**Problem requirements:**
Type out the whole listing again exactly, pictures omitted.

**Available records:**

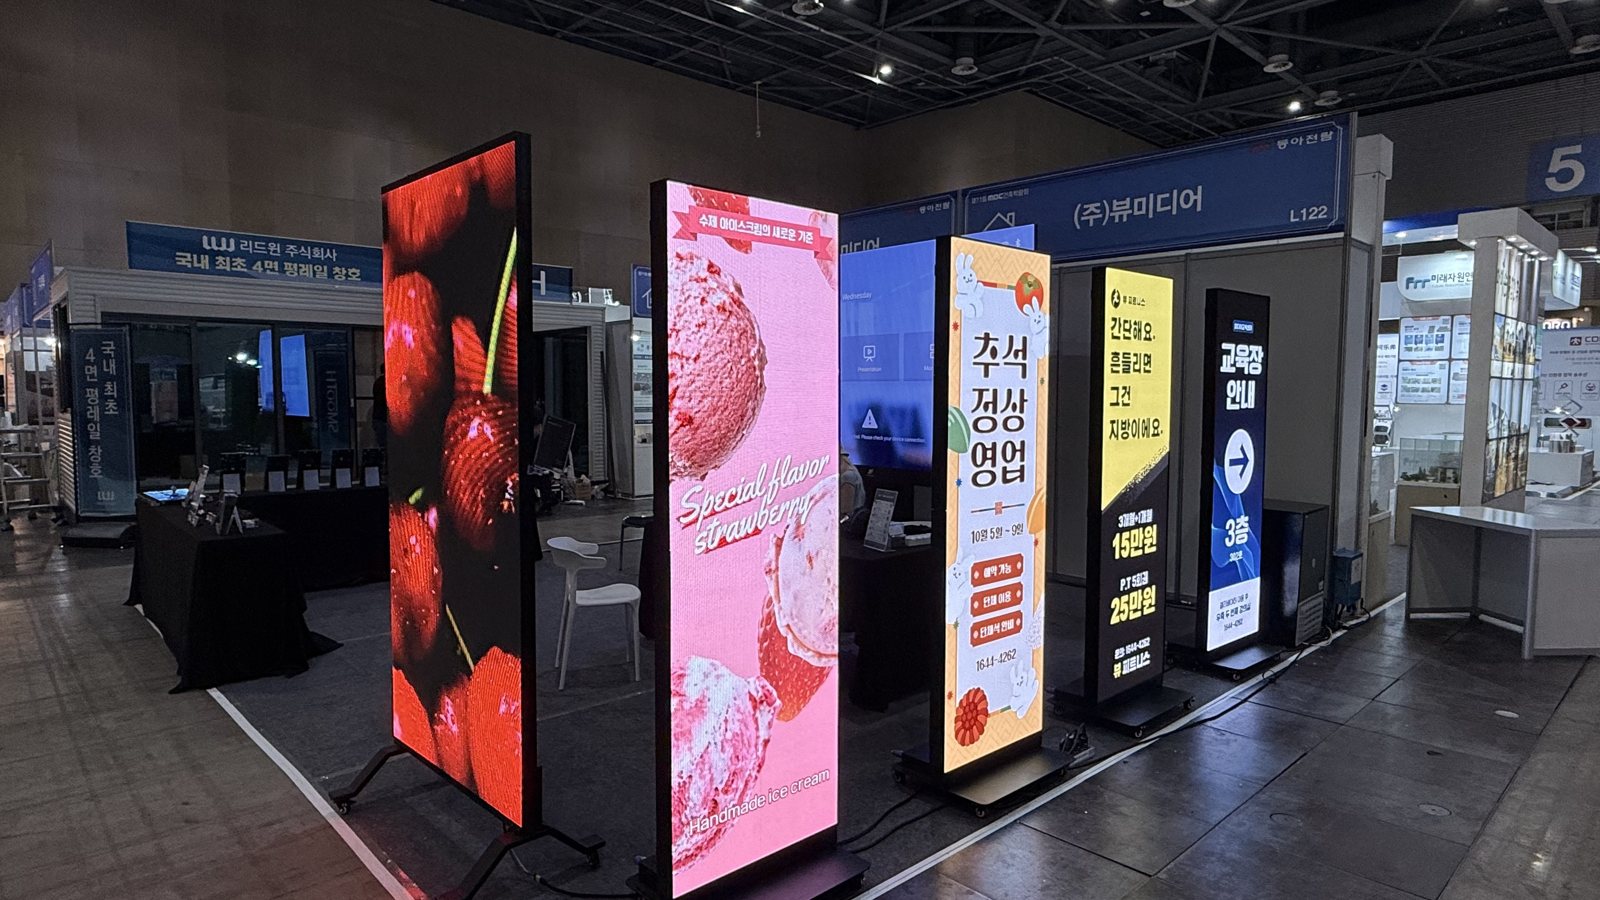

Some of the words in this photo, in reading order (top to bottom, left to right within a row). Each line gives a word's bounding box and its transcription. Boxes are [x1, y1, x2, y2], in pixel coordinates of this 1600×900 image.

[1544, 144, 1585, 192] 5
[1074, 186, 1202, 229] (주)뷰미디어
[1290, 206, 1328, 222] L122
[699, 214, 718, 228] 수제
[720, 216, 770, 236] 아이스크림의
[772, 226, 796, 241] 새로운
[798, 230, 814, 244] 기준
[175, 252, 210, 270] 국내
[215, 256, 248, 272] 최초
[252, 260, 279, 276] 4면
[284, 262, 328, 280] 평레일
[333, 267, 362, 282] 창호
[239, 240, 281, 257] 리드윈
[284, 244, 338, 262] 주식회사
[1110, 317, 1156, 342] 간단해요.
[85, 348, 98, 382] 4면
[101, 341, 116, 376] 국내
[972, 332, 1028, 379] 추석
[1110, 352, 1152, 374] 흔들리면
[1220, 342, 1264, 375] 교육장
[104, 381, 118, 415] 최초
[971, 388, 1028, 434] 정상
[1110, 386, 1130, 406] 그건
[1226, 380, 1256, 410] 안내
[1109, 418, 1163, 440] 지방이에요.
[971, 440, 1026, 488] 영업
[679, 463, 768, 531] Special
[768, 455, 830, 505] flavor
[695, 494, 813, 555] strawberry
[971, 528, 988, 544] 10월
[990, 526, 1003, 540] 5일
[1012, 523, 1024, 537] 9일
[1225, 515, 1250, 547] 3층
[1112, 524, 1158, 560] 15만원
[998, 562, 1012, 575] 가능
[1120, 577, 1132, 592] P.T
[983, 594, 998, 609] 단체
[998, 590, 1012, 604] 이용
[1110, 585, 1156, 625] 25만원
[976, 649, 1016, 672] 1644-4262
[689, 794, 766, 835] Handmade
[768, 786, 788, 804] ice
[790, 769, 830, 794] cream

**Result for this task:**
Some of the words in this photo, in reading order (top to bottom, left to right within a row). Each line gives a word's bounding box and its transcription. Boxes are [x1, y1, x2, y2], in pixel coordinates of this 1600×900 image.

[1544, 144, 1585, 192] 5
[1074, 186, 1202, 229] (주)뷰미디어
[1290, 206, 1328, 222] L122
[699, 214, 718, 228] 수제
[720, 216, 770, 236] 아이스크림의
[772, 226, 796, 241] 새로운
[798, 230, 814, 244] 기준
[175, 252, 210, 270] 국내
[215, 256, 248, 272] 최초
[252, 260, 279, 276] 4면
[284, 262, 328, 280] 평레일
[333, 267, 362, 282] 창호
[239, 240, 281, 257] 리드윈
[284, 244, 338, 262] 주식회사
[1110, 317, 1156, 342] 간단해요.
[85, 348, 98, 382] 4면
[101, 341, 116, 376] 국내
[972, 332, 1028, 379] 추석
[1110, 352, 1152, 374] 흔들리면
[1220, 342, 1264, 375] 교육장
[104, 381, 118, 415] 최초
[971, 388, 1028, 434] 정상
[1110, 386, 1130, 406] 그건
[1226, 380, 1256, 410] 안내
[1109, 418, 1163, 440] 지방이에요.
[971, 440, 1026, 488] 영업
[679, 463, 768, 531] Special
[768, 455, 830, 505] flavor
[695, 494, 813, 555] strawberry
[971, 528, 988, 544] 10월
[990, 526, 1003, 540] 5일
[1012, 523, 1024, 537] 9일
[1225, 515, 1250, 547] 3층
[1112, 524, 1158, 560] 15만원
[998, 562, 1012, 575] 가능
[1120, 577, 1132, 592] P.T
[983, 594, 998, 609] 단체
[998, 590, 1012, 604] 이용
[1110, 585, 1156, 625] 25만원
[976, 649, 1016, 672] 1644-4262
[689, 794, 766, 835] Handmade
[768, 786, 788, 804] ice
[790, 769, 830, 794] cream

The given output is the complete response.